[DIRECTIONS] Once you reach the line containing "this 1288×966 image.", copy it and every line after it exactly, through the end of the data below.

┄┄┄┄┄┄┄┄┄┄┄┄┄┄┄┄┄┄┄┄

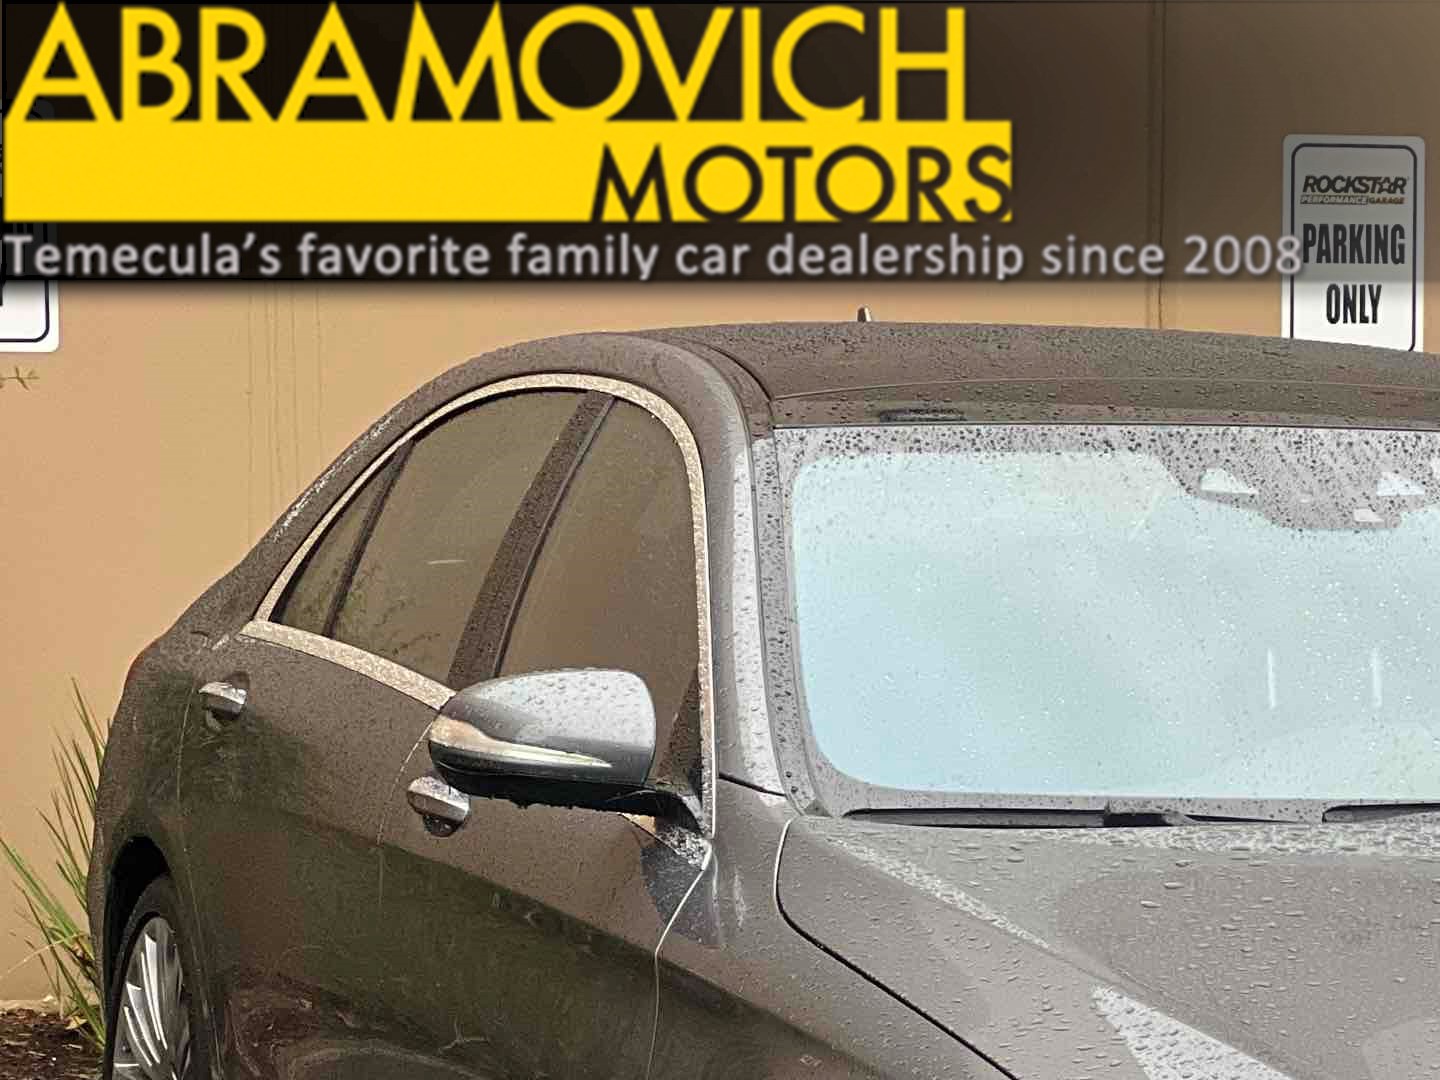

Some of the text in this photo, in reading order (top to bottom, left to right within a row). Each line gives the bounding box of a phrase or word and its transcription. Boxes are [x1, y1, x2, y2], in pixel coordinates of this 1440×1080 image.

[1303, 175, 1407, 194] ROCKSTAR
[1303, 223, 1405, 265] PARKING
[1326, 283, 1382, 325] ONLY
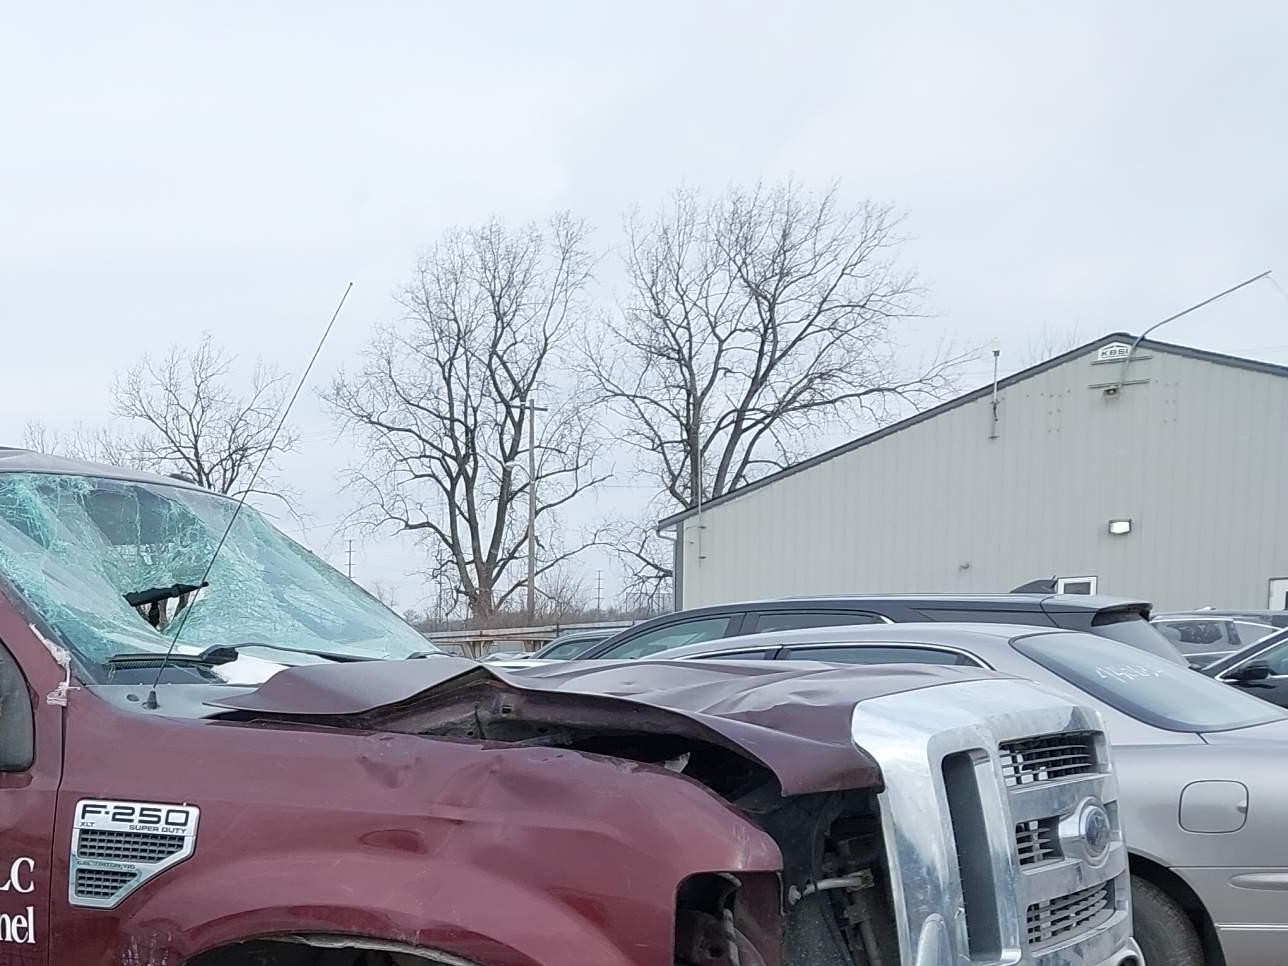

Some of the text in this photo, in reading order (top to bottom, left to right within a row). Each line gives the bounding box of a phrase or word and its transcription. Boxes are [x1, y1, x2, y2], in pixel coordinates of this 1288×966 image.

[81, 803, 190, 827] F-250
[128, 824, 187, 835] SUPER DUTY

┄┄┄┄┄┄┄┄┄┄┄┄┄┄┄┄┄┄┄┄

[ANSWER BOX]
Some of the text in this photo, in reading order (top to bottom, left to right within a row). Each line gives the bounding box of a phrase or word and its transcription. Boxes are [x1, y1, x2, y2], in pixel coordinates of this 1288×966 image.

[81, 803, 190, 827] F-250
[128, 824, 187, 835] SUPER DUTY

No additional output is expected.